*** Opening of Data to examine ***

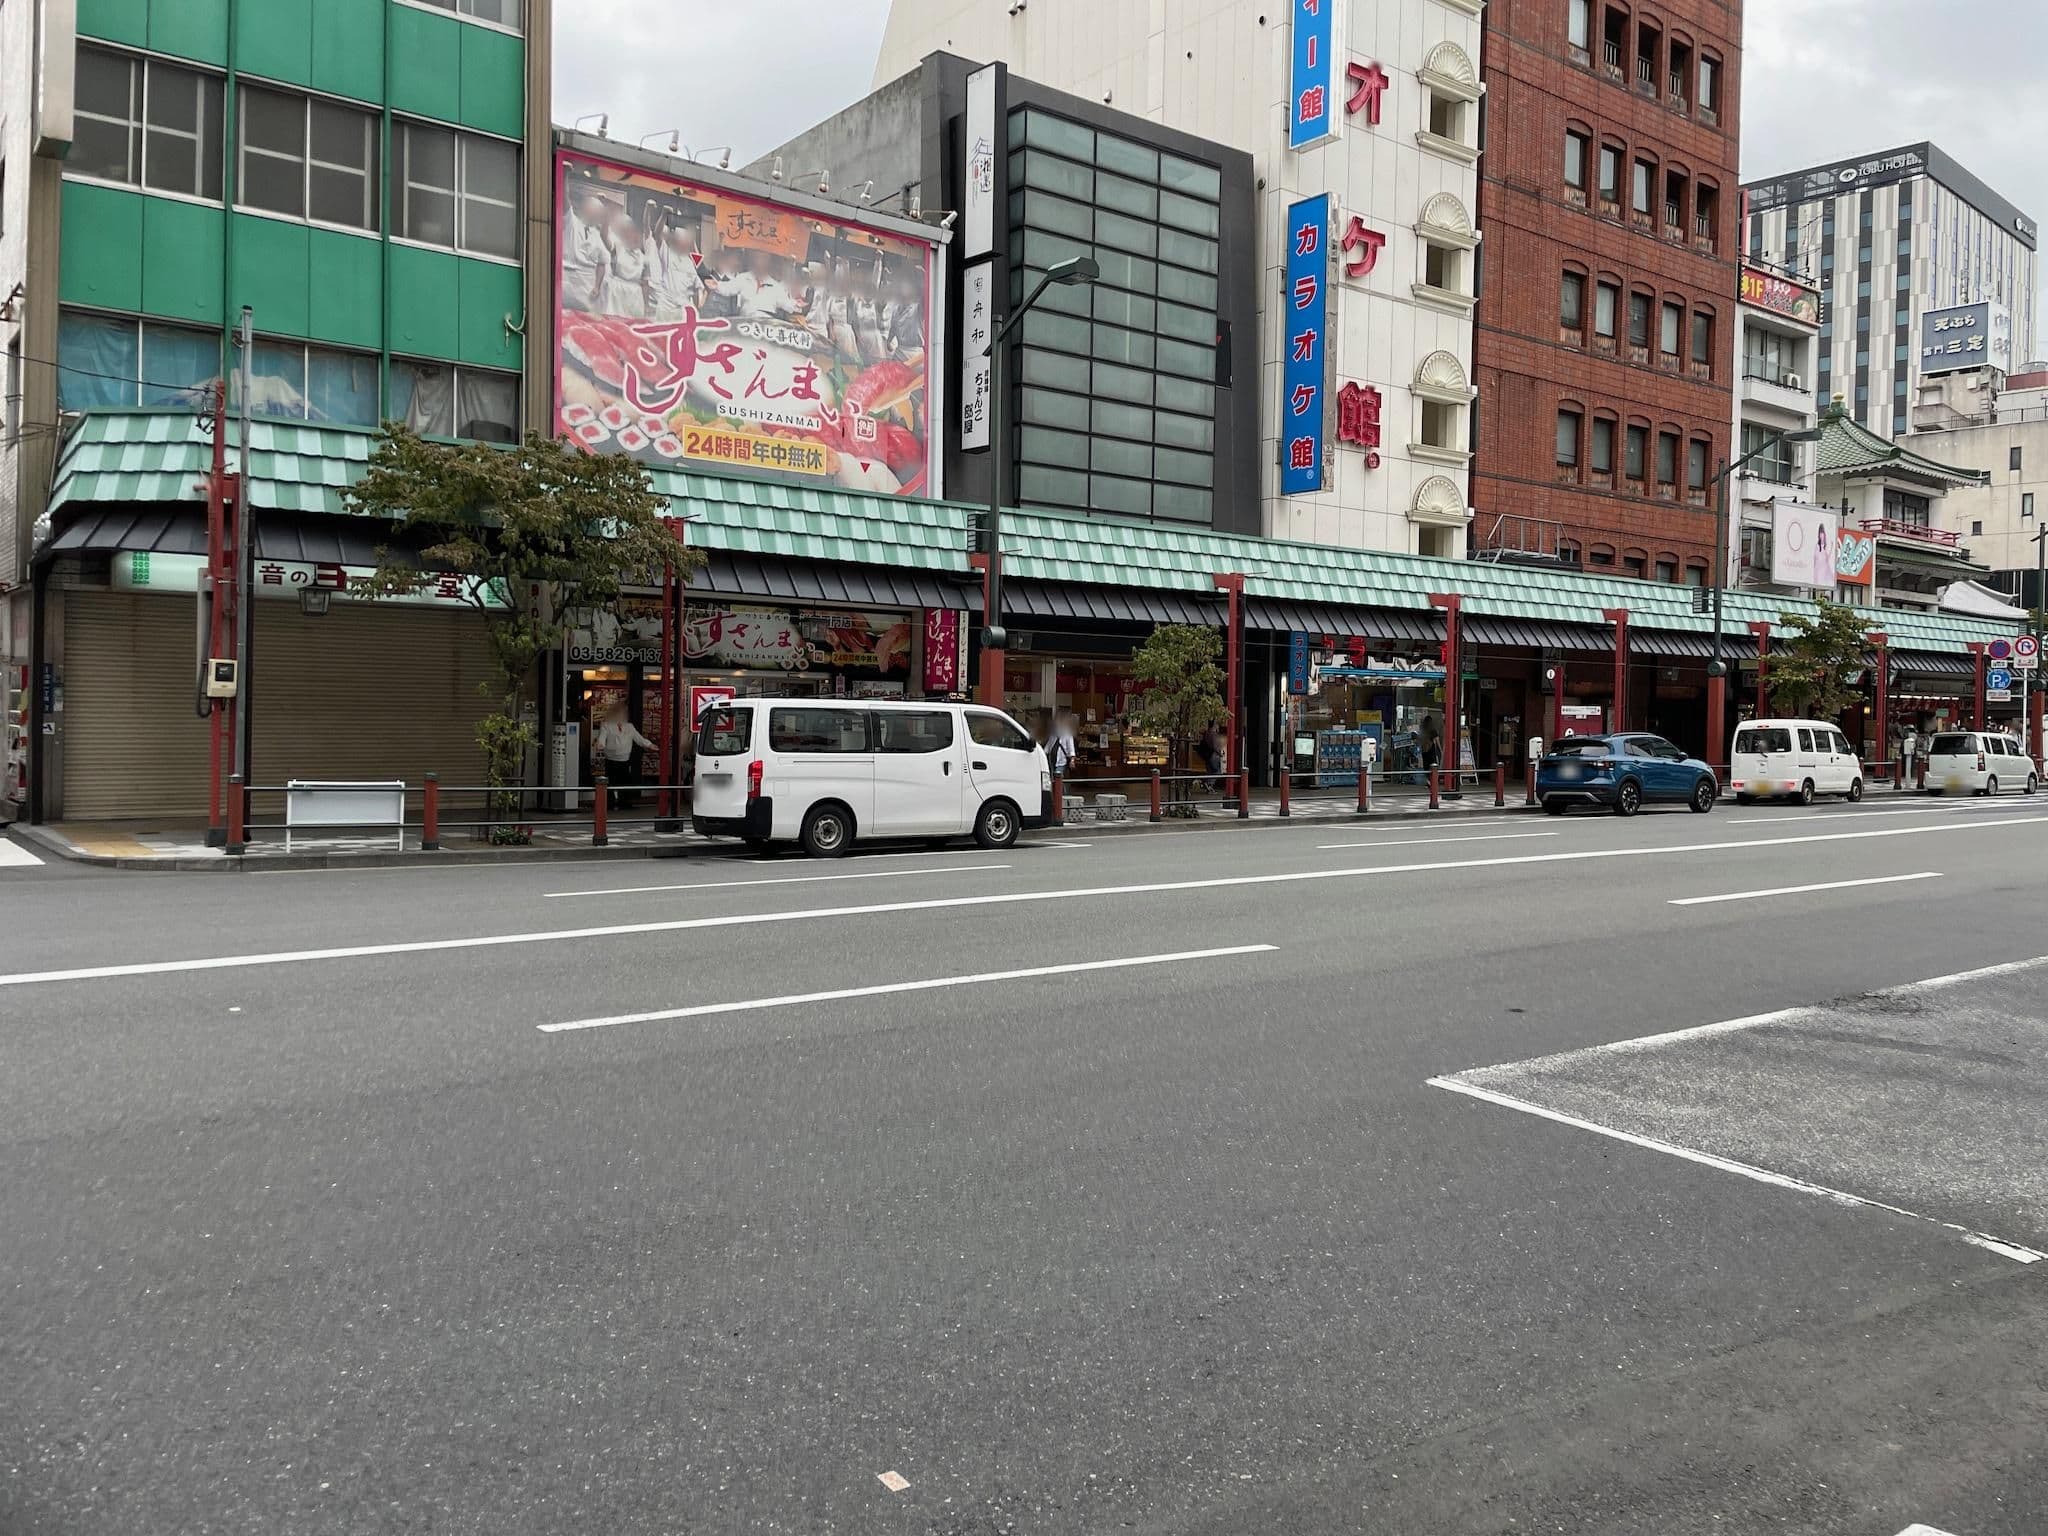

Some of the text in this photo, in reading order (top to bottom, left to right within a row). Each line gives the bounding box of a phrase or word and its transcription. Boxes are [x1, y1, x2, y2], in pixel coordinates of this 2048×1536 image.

[1934, 314, 1976, 332] 天ぷら
[739, 322, 812, 348] つきじ喜代村
[1291, 222, 1319, 469] カラオケ館
[1947, 334, 1984, 354] 三定
[719, 404, 820, 429] SUSHIZANMAI
[686, 431, 824, 470] 24時間年中無休
[571, 646, 674, 662] 03-5826-137
[1992, 675, 2002, 688] P
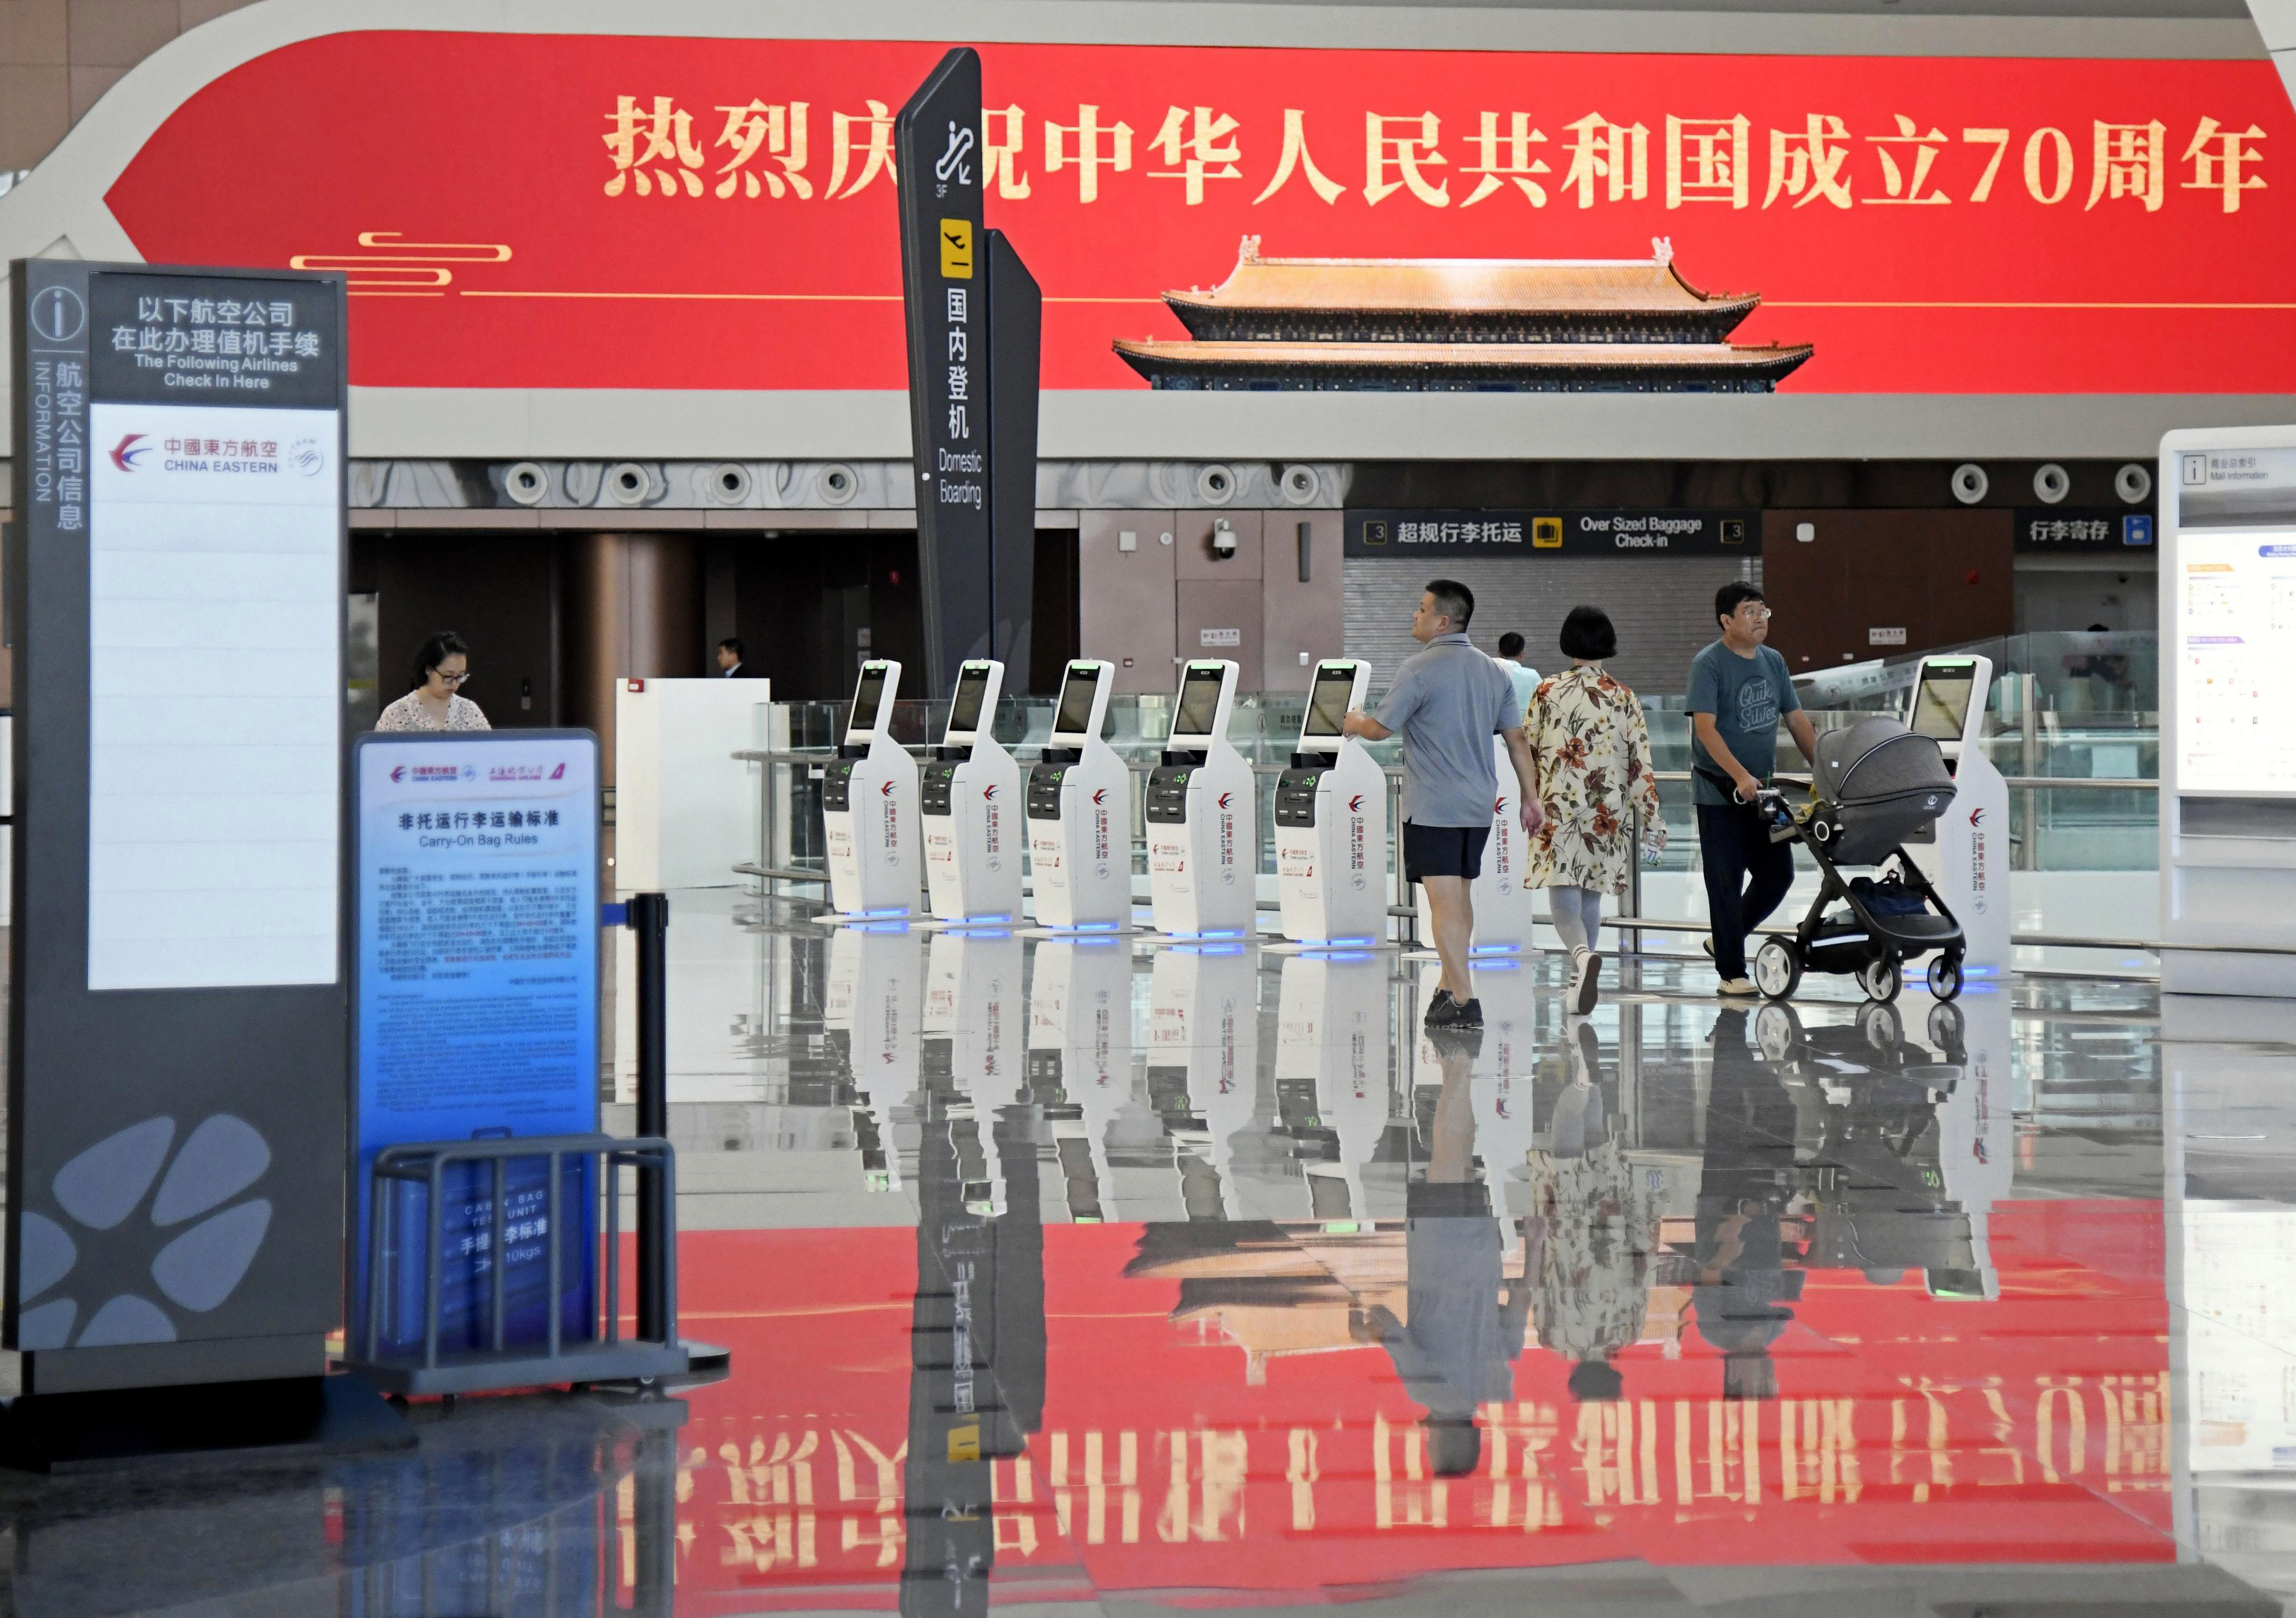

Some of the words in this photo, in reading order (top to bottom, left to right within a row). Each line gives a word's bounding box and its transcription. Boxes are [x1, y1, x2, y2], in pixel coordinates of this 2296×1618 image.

[936, 184, 948, 198] 3F
[138, 296, 292, 326] 以下航空公司
[112, 326, 319, 357] 在此办理值机手续
[135, 354, 163, 367] The
[167, 355, 238, 372] Following
[242, 358, 297, 372] Airlines
[947, 288, 969, 439] 国内登机
[164, 373, 211, 387] Check
[215, 374, 230, 388] In
[233, 374, 269, 389] Here
[35, 362, 51, 502] INFORMATION
[56, 362, 82, 531] 航空公司信息
[164, 438, 278, 458] 中國東方航空
[164, 459, 208, 472] CHINA
[213, 461, 278, 473] EASTERN
[939, 448, 982, 473] Domestic
[940, 479, 982, 510] Boarding
[1375, 525, 1384, 539] 3
[1398, 522, 1522, 543] 超规行李托运
[1580, 516, 1611, 531] Over
[1613, 517, 1647, 531] Sized
[1649, 517, 1702, 534] Baggage
[1732, 524, 1741, 538] 3
[2030, 520, 2109, 541] 行李寄存
[1616, 532, 1668, 548] Check-in
[1740, 679, 1772, 707] Quik
[1739, 707, 1776, 729] Silver
[399, 810, 560, 831] 非托运行李运输标准
[420, 834, 474, 849] Carry-On
[478, 834, 501, 847] Bag
[505, 833, 538, 845] Rules
[518, 1190, 543, 1204] BAG
[507, 1205, 536, 1219] UNIT
[461, 1217, 547, 1255] 手提李标准
[505, 1245, 540, 1262] 10kgs

*** Close of Data to examine ***

__Assignment__: Make an exact copy of the data, leaving its pictures out.

__Your response__:
Some of the text in this photo, in reading order (top to bottom, left to right within a row). Each line gives the bounding box of a phrase or word and its transcription. Boxes are [x1, y1, x2, y2], in pixel coordinates of this 2048×1536 image.

[1934, 314, 1976, 332] 天ぷら
[739, 322, 812, 348] つきじ喜代村
[1291, 222, 1319, 469] カラオケ館
[1947, 334, 1984, 354] 三定
[719, 404, 820, 429] SUSHIZANMAI
[686, 431, 824, 470] 24時間年中無休
[571, 646, 674, 662] 03-5826-137
[1992, 675, 2002, 688] P

Some of the words in this photo, in reading order (top to bottom, left to right within a row). Each line gives a word's bounding box and its transcription. Boxes are [x1, y1, x2, y2], in pixel coordinates of this 2296×1618 image.

[936, 184, 948, 198] 3F
[138, 296, 292, 326] 以下航空公司
[112, 326, 319, 357] 在此办理值机手续
[135, 354, 163, 367] The
[167, 355, 238, 372] Following
[242, 358, 297, 372] Airlines
[947, 288, 969, 439] 国内登机
[164, 373, 211, 387] Check
[215, 374, 230, 388] In
[233, 374, 269, 389] Here
[35, 362, 51, 502] INFORMATION
[56, 362, 82, 531] 航空公司信息
[164, 438, 278, 458] 中國東方航空
[164, 459, 208, 472] CHINA
[213, 461, 278, 473] EASTERN
[939, 448, 982, 473] Domestic
[940, 479, 982, 510] Boarding
[1375, 525, 1384, 539] 3
[1398, 522, 1522, 543] 超规行李托运
[1580, 516, 1611, 531] Over
[1613, 517, 1647, 531] Sized
[1649, 517, 1702, 534] Baggage
[1732, 524, 1741, 538] 3
[2030, 520, 2109, 541] 行李寄存
[1616, 532, 1668, 548] Check-in
[1740, 679, 1772, 707] Quik
[1739, 707, 1776, 729] Silver
[399, 810, 560, 831] 非托运行李运输标准
[420, 834, 474, 849] Carry-On
[478, 834, 501, 847] Bag
[505, 833, 538, 845] Rules
[518, 1190, 543, 1204] BAG
[507, 1205, 536, 1219] UNIT
[461, 1217, 547, 1255] 手提李标准
[505, 1245, 540, 1262] 10kgs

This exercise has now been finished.